Latonen L. 2019 Frontiers in Cellular Neuroscience: Phase-to-Phase With Nucleoli – Stress Responses, Protein Aggregation and Novel Roles of RNA.
Latonen et al. 2011 Oncogene: Proteasome inhibitors induce nucleolar aggregation of proteasome target proteins and polyadenylated RNA by altering ubiquitin availability.
Quantitative tissue analysis of cancer
We query cancer growth patterns in tissue combining this to molecular information in order to better understand how cancer develops and grows.
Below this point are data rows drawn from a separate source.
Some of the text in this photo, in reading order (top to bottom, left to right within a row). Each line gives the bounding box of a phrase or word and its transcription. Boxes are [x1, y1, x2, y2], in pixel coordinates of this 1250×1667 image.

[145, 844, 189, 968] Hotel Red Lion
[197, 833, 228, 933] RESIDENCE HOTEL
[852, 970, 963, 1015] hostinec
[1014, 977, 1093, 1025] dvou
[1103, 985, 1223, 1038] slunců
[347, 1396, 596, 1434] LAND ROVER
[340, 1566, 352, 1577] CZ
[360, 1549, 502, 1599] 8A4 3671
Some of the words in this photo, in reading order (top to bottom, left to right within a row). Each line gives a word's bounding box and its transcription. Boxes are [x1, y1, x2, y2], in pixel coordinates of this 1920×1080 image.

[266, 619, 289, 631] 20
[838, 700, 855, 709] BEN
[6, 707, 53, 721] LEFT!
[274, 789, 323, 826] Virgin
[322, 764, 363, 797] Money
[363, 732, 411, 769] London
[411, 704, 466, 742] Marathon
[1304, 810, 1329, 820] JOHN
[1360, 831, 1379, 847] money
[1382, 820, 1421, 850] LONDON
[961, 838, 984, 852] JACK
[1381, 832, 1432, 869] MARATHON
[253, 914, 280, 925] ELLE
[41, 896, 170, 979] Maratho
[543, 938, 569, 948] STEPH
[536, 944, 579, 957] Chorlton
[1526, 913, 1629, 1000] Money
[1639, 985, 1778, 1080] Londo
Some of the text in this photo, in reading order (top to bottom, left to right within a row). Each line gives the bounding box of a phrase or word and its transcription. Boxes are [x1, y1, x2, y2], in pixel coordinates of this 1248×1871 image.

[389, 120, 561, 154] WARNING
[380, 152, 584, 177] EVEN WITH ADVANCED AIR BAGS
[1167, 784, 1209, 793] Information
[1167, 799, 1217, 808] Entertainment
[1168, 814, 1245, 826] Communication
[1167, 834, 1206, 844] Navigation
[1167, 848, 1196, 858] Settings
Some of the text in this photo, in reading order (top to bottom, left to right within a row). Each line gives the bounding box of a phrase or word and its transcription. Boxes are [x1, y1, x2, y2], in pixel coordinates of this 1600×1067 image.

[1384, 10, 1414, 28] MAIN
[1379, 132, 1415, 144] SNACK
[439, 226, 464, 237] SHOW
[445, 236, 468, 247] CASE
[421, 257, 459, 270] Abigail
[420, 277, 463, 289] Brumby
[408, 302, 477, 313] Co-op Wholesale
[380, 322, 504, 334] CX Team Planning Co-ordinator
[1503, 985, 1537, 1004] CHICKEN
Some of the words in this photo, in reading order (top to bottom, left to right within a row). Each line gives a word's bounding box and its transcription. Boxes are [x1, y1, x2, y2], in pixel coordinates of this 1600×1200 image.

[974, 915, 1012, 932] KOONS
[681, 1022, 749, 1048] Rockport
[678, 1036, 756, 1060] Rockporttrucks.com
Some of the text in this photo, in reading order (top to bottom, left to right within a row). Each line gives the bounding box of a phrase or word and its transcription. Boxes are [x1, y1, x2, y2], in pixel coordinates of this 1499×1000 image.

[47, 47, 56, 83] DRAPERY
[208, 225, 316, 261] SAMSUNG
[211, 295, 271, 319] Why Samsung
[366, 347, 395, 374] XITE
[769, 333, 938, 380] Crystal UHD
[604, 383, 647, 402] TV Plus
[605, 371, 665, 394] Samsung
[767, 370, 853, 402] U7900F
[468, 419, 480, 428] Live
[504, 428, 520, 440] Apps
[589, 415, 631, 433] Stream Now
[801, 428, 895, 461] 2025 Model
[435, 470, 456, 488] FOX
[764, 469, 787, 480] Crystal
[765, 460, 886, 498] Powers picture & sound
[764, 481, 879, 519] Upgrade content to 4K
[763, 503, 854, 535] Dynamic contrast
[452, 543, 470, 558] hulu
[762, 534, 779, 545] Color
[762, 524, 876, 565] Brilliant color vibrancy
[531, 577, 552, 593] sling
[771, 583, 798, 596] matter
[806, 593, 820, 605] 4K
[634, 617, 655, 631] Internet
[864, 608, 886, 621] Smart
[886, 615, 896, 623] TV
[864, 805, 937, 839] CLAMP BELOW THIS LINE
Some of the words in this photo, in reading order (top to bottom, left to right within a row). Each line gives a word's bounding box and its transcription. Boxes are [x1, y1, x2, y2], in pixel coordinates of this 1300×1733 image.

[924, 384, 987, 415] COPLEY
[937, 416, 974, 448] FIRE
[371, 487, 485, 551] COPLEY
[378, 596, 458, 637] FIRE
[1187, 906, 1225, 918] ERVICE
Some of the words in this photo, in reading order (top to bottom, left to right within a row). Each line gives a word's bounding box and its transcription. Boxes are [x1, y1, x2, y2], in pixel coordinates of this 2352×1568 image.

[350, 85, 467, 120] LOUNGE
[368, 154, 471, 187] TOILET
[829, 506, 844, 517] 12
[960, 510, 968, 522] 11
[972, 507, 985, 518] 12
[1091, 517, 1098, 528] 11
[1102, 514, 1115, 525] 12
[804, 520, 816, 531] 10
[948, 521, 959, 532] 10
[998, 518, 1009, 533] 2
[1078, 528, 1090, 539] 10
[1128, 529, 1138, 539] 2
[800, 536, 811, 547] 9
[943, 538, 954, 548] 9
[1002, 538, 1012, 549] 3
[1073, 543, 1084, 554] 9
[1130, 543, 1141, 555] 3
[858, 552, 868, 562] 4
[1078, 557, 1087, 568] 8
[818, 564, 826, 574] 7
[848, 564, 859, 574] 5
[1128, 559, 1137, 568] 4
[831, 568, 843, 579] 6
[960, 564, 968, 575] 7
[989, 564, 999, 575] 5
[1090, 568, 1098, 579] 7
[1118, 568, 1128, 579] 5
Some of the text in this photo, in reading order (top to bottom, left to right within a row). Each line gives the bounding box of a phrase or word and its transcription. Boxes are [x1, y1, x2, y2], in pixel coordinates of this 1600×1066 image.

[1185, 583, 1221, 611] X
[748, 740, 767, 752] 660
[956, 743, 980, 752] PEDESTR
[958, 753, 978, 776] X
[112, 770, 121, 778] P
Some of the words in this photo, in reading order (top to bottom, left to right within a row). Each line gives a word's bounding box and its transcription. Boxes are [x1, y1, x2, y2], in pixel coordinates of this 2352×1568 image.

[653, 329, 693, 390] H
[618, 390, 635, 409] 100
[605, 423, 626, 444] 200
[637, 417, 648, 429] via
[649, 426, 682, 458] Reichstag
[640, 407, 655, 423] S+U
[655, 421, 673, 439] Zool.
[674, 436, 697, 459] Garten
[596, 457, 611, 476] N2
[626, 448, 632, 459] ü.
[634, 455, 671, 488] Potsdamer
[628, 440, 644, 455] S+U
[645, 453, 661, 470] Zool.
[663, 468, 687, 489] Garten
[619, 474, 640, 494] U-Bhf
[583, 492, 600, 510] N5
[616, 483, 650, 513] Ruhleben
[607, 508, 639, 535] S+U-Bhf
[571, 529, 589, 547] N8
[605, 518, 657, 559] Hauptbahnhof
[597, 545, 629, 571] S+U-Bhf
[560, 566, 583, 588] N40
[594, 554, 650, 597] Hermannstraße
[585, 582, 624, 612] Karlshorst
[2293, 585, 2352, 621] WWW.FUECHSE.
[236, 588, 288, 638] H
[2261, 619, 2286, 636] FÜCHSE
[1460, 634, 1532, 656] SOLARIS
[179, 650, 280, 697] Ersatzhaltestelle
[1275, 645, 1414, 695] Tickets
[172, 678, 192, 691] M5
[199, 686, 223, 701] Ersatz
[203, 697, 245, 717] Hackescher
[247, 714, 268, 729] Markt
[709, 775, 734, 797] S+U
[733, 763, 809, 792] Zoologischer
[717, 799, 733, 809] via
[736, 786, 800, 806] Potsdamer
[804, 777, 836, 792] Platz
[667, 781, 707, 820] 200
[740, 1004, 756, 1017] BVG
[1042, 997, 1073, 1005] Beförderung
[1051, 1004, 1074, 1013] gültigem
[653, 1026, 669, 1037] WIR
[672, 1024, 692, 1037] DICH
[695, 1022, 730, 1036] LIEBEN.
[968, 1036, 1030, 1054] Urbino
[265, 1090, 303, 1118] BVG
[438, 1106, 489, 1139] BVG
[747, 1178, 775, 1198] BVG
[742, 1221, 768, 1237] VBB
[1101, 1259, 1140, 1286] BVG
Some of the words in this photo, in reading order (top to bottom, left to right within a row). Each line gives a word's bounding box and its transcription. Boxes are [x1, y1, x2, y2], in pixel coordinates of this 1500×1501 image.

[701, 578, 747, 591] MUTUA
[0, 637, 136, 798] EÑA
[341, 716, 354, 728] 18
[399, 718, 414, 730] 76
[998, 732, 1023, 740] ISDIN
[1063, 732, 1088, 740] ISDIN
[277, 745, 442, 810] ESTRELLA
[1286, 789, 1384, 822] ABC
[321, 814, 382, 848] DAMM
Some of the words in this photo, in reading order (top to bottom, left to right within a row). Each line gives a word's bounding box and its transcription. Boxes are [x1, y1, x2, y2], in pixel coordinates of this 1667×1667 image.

In our tissue analysis collaboration projects we search for better ways to image, visualise, and quantitatively analyse histology with development of digital pathology, machine learning, and AI tools.
We belong to the international ERA PerMed-funded ABCAP consortium, aim of which is to develop and validate novel state-of-the-art deep learning-based computer models for improved routine histopathology classification and for refined patient stratification in breast cancer. Within the consortium, we test the utility of different microscopic and spectroscopic methods in AI-based cancer tissue identification and grading.
Ehteshami Bejnordi et al. 2017 JAMA: Diagnostic Assessment of Deep Learning Algorithms for Detection of Lymph Node Metastases in Women With Breast Cancer.
Kartasalo et al. 2018 Bioinformatics: Comparative analysis of tissue reconstruction algorithms for 3D histology.
Liimatainen et al. 2021 Biomolecules: Convolutional Neural Network-Based Artificial Intelligence for Classification of Protein Localization Patterns.
Liimatainen et al. 2021 BMC Cancer: Virtual reality for 3D histology: multi-scale visualization of organs with interactive feature exploration.
Latonen and Ruusuvuori, 2021 European Journal of Cancer: Building a central repository landmarks a new era for AI-assisted digital pathology development in Europe.
Ruusuvuori et al. 2022 Heliyon: Spatial analysis of histology in 3D: quantification and visualization of organ and tumor level tissue environment.